Your objective –
Retype all data exactly as given. Pictures should not be retyped.

Data to examine –
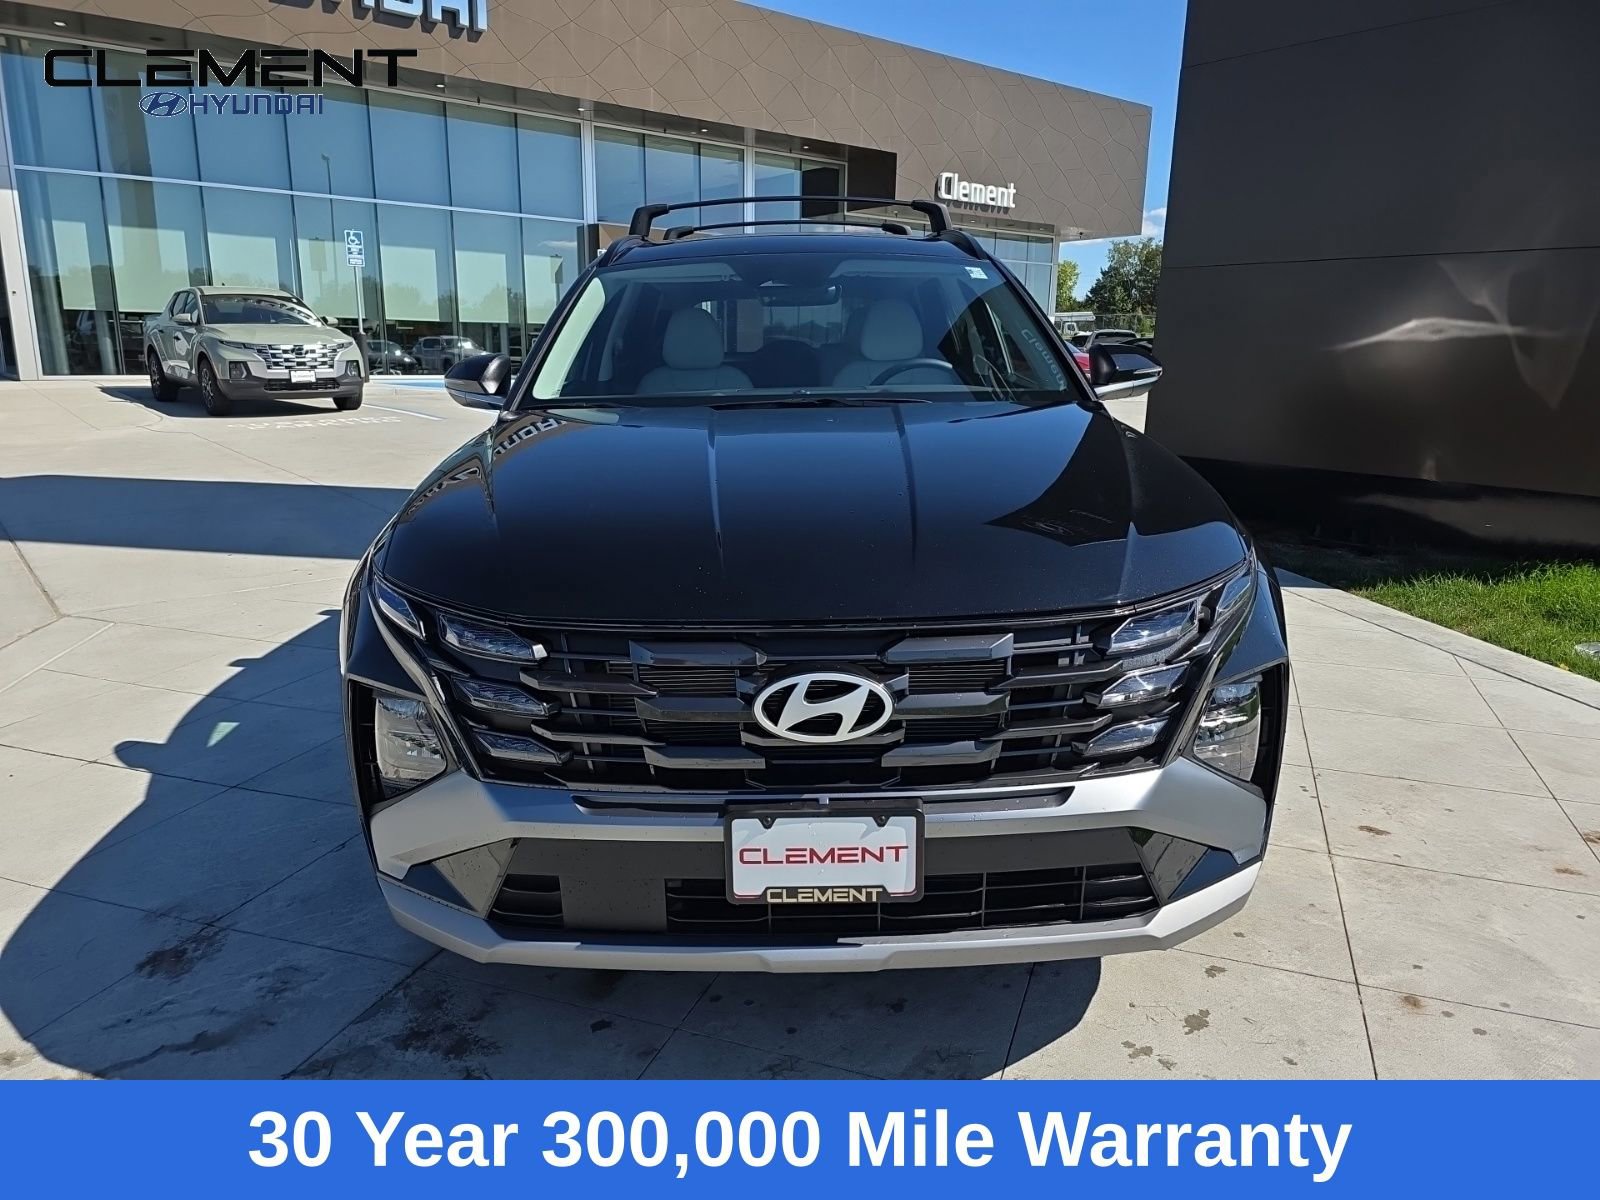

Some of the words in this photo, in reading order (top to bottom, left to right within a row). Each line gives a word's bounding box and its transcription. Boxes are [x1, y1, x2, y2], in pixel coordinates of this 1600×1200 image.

[939, 172, 1017, 208] Clement
[738, 845, 909, 865] CLEMENT
[766, 887, 883, 903] CLEMENT
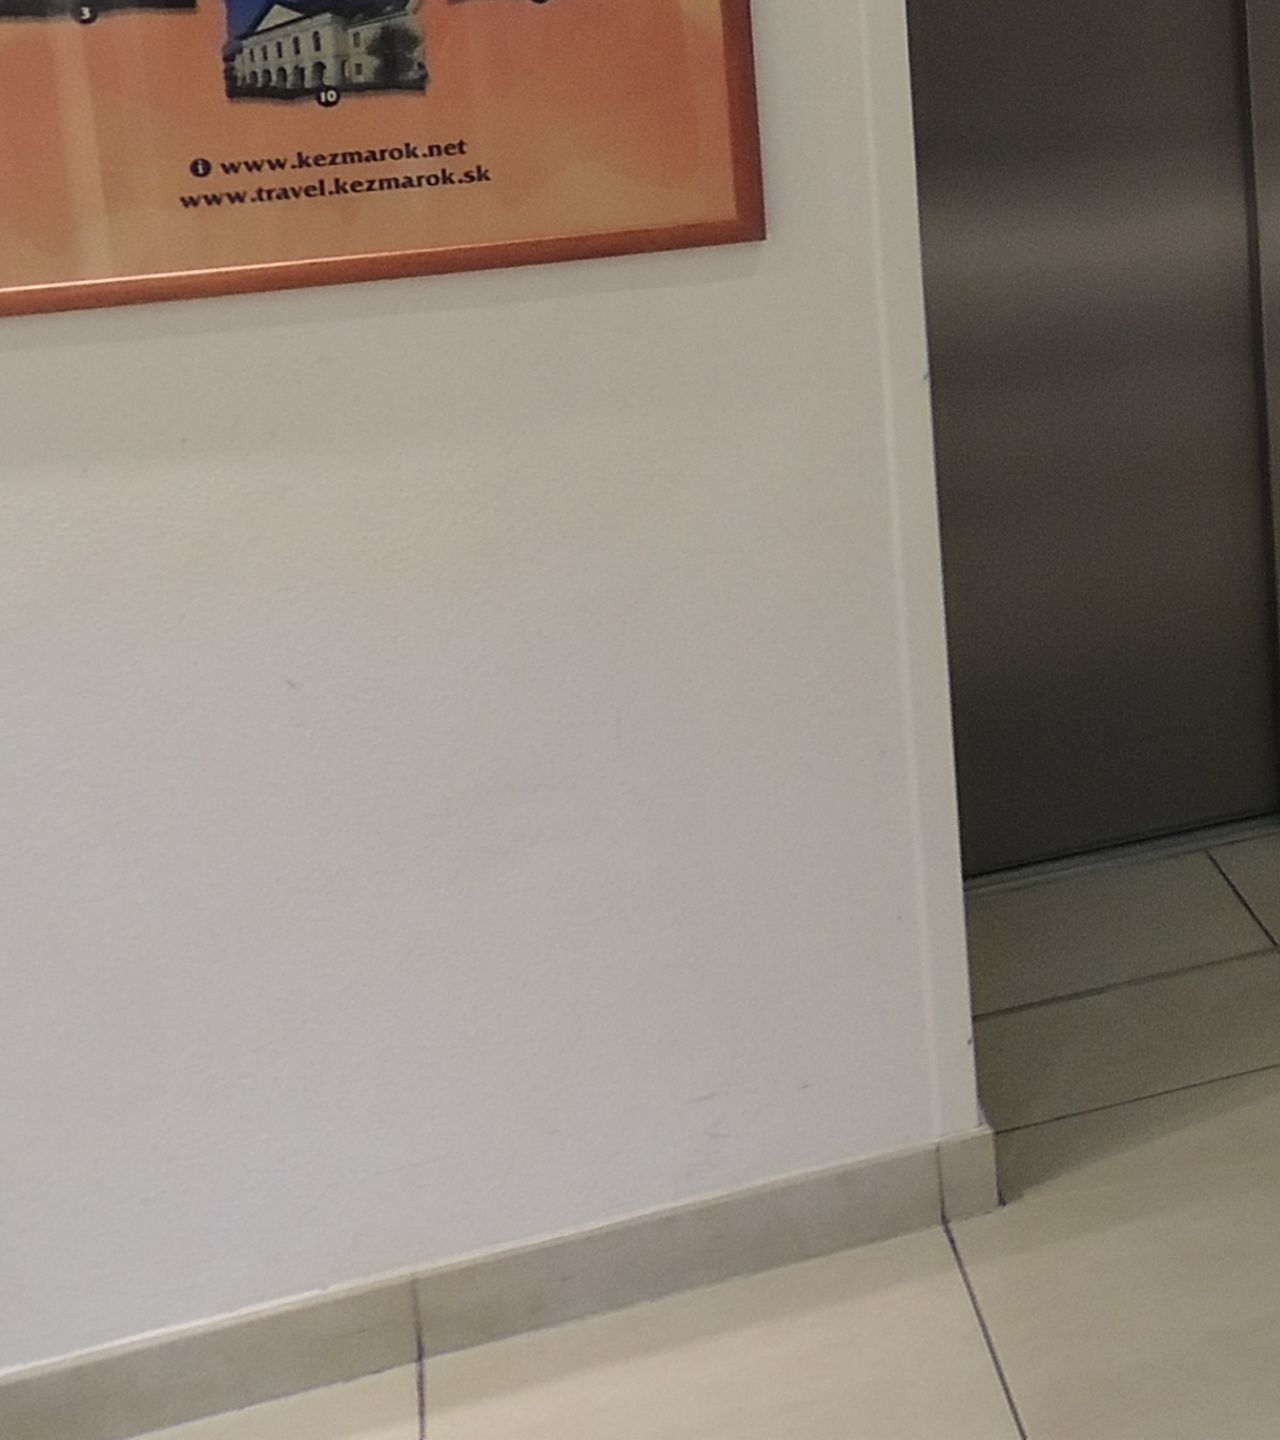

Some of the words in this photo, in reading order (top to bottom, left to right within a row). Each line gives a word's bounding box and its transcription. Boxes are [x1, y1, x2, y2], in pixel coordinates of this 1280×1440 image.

[79, 6, 91, 20] 3
[320, 91, 337, 103] 10
[220, 139, 467, 176] www.kezmarok.net
[180, 165, 492, 209] www.travel.kezmarok.sk
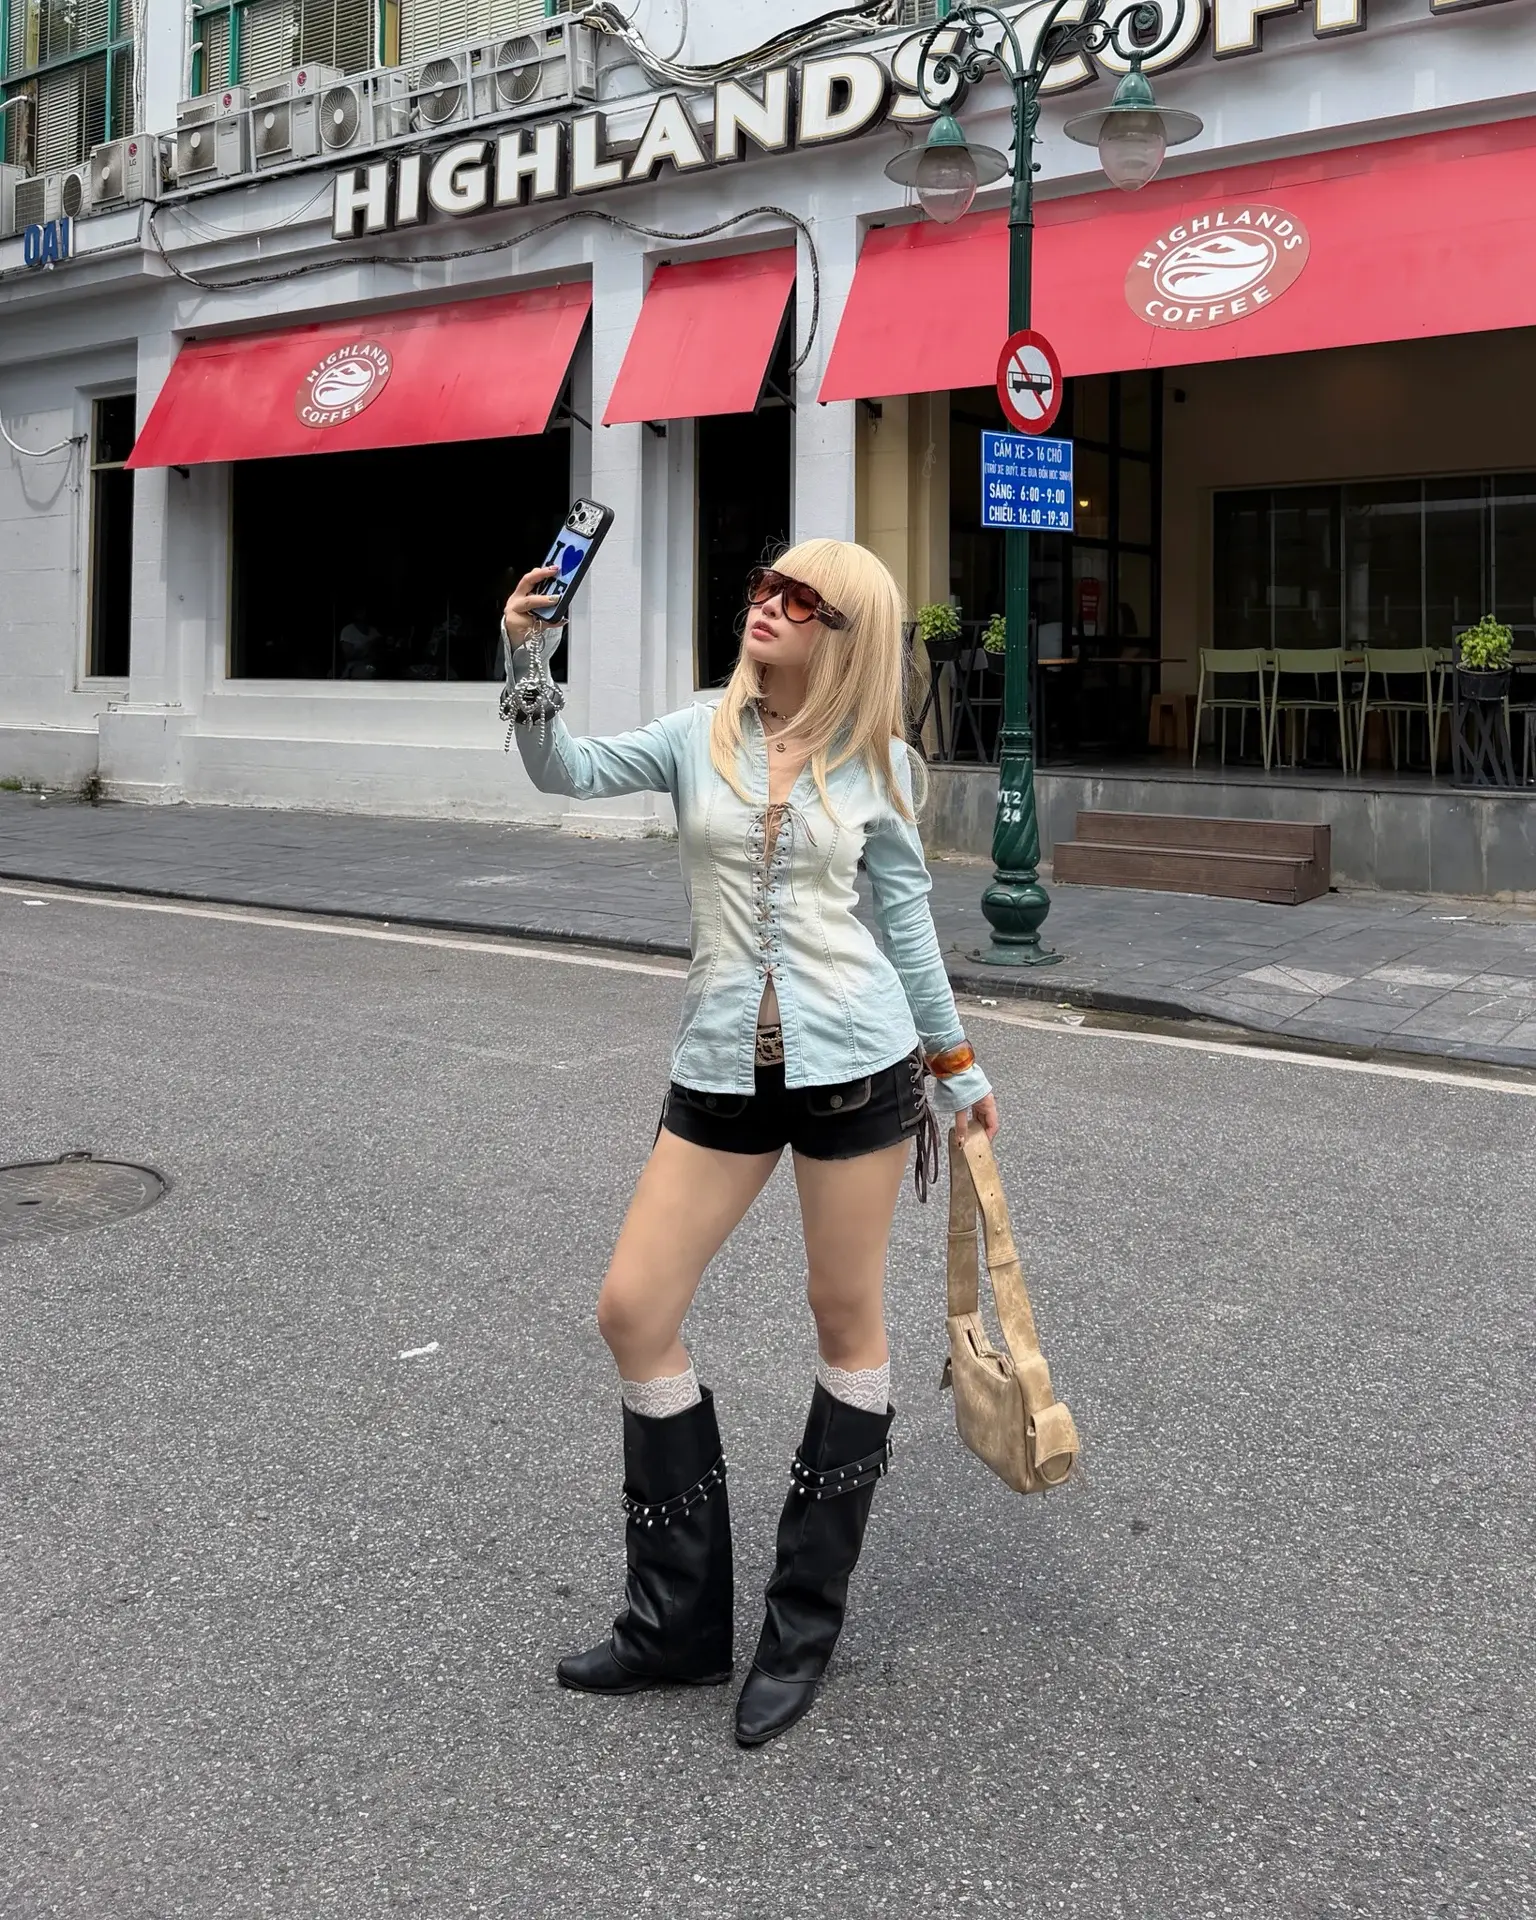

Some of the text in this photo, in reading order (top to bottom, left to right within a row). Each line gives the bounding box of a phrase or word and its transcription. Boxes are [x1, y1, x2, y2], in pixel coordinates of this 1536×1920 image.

[333, 27, 968, 240] HIGHLANDS
[129, 158, 137, 166] LG
[1137, 210, 1303, 269] HIGHLANDS
[1145, 285, 1273, 323] COFFEE
[306, 344, 389, 383] HIGHLANDS
[301, 400, 364, 423] COFFEE
[994, 438, 1012, 459] CẤM
[1014, 444, 1026, 459] XE
[1036, 446, 1045, 462] 16
[997, 464, 1004, 475] XE
[1020, 467, 1027, 478] XE
[989, 480, 1015, 500] SÁNG:
[989, 501, 1016, 522] CHIỀU:
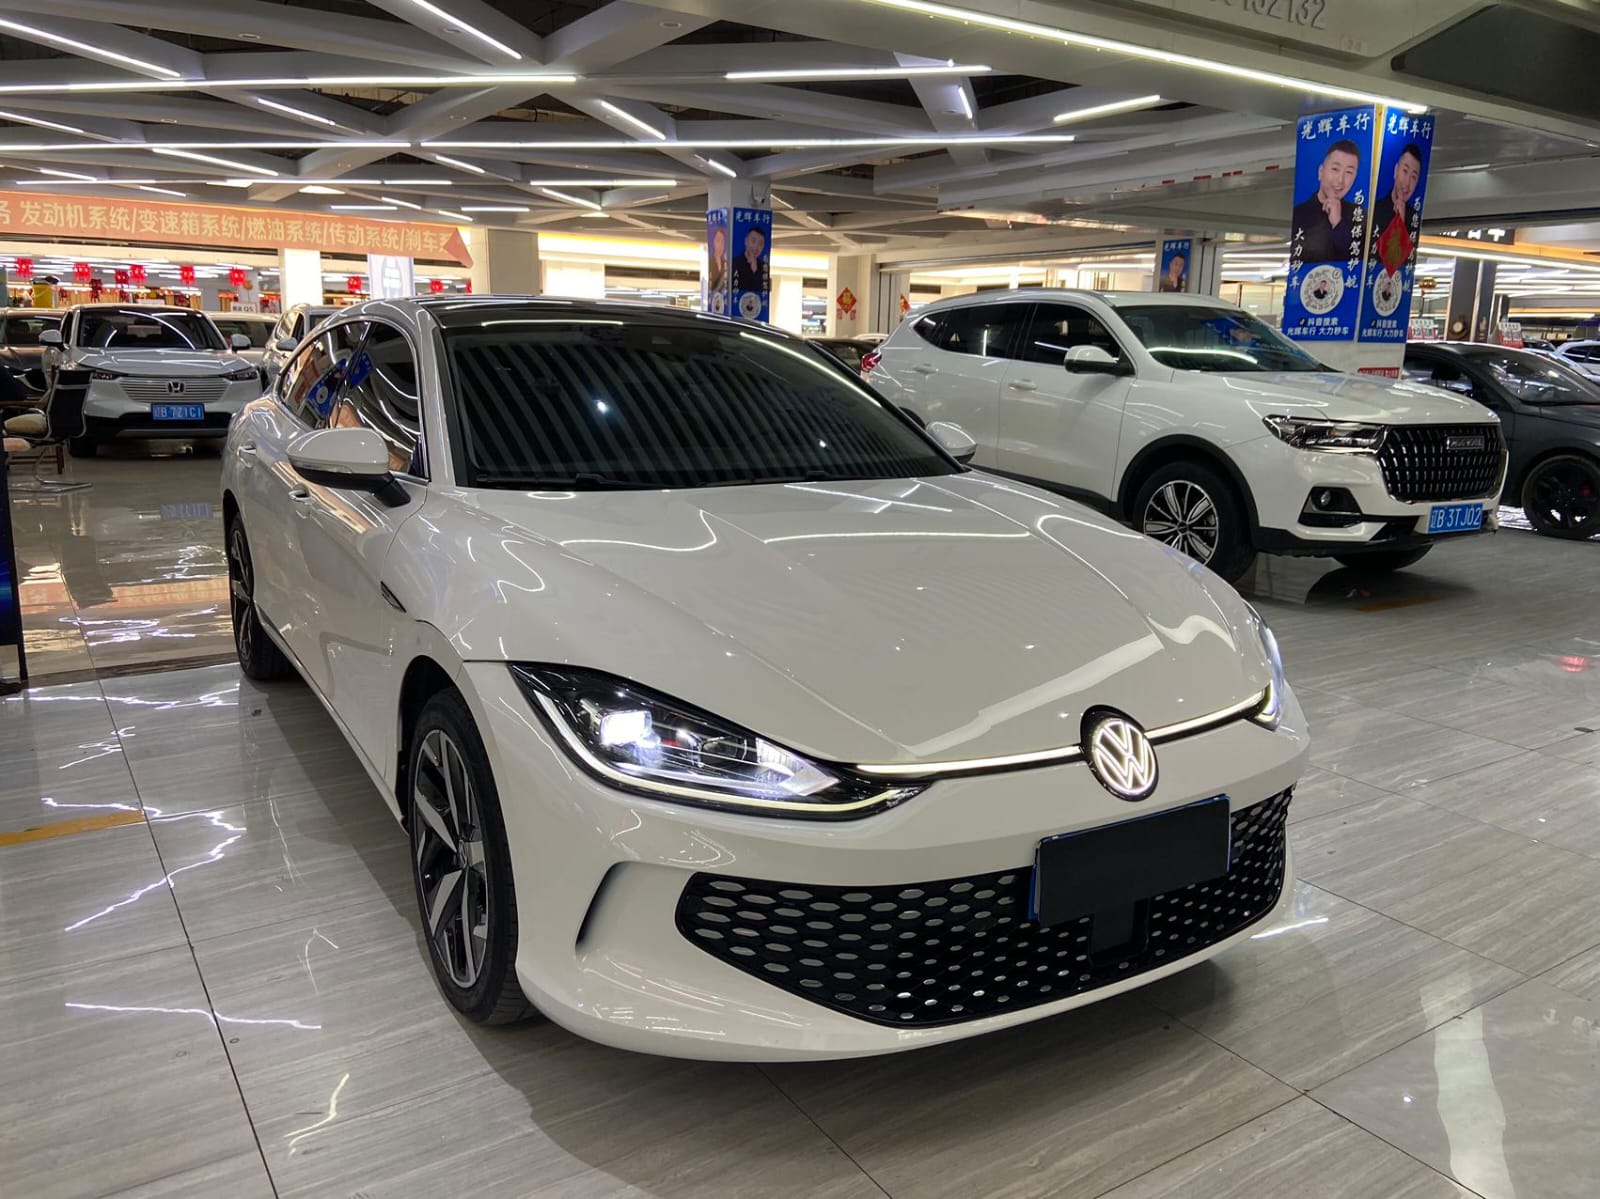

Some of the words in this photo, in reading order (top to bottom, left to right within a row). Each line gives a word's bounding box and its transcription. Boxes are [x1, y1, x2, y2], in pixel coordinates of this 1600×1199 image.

Written answer –
Some of the words in this photo, in reading order (top to bottom, left to right within a row). Each line gives a word's bounding box and its transcription. Boxes are [x1, y1, x2, y2], in pixel coordinates of this 1600×1200 image.

[939, 172, 1017, 208] Clement
[738, 845, 909, 865] CLEMENT
[766, 887, 883, 903] CLEMENT

Some of the words in this photo, in reading order (top to bottom, left to right within a row). Each line gives a word's bounding box and its transcription. Boxes are [x1, y1, x2, y2], in pixel coordinates of this 1280×1440 image.

[79, 6, 91, 20] 3
[320, 91, 337, 103] 10
[220, 139, 467, 176] www.kezmarok.net
[180, 165, 492, 209] www.travel.kezmarok.sk

Some of the text in this photo, in reading order (top to bottom, left to right within a row). Each line gives the bounding box of a phrase or word and its transcription. Boxes are [x1, y1, x2, y2], in pixel coordinates of this 1536×1920 image.

[333, 27, 968, 240] HIGHLANDS
[129, 158, 137, 166] LG
[1137, 210, 1303, 269] HIGHLANDS
[1145, 285, 1273, 323] COFFEE
[306, 344, 389, 383] HIGHLANDS
[301, 400, 364, 423] COFFEE
[994, 438, 1012, 459] CẤM
[1014, 444, 1026, 459] XE
[1036, 446, 1045, 462] 16
[997, 464, 1004, 475] XE
[1020, 467, 1027, 478] XE
[989, 480, 1015, 500] SÁNG:
[989, 501, 1016, 522] CHIỀU:

Some of the words in this photo, in reading order (top to bottom, left to right within a row). Each line gives a word's bounding box and its transcription. Boxes are [x1, y1, x2, y2], in pixel coordinates of this 1600×1199 image.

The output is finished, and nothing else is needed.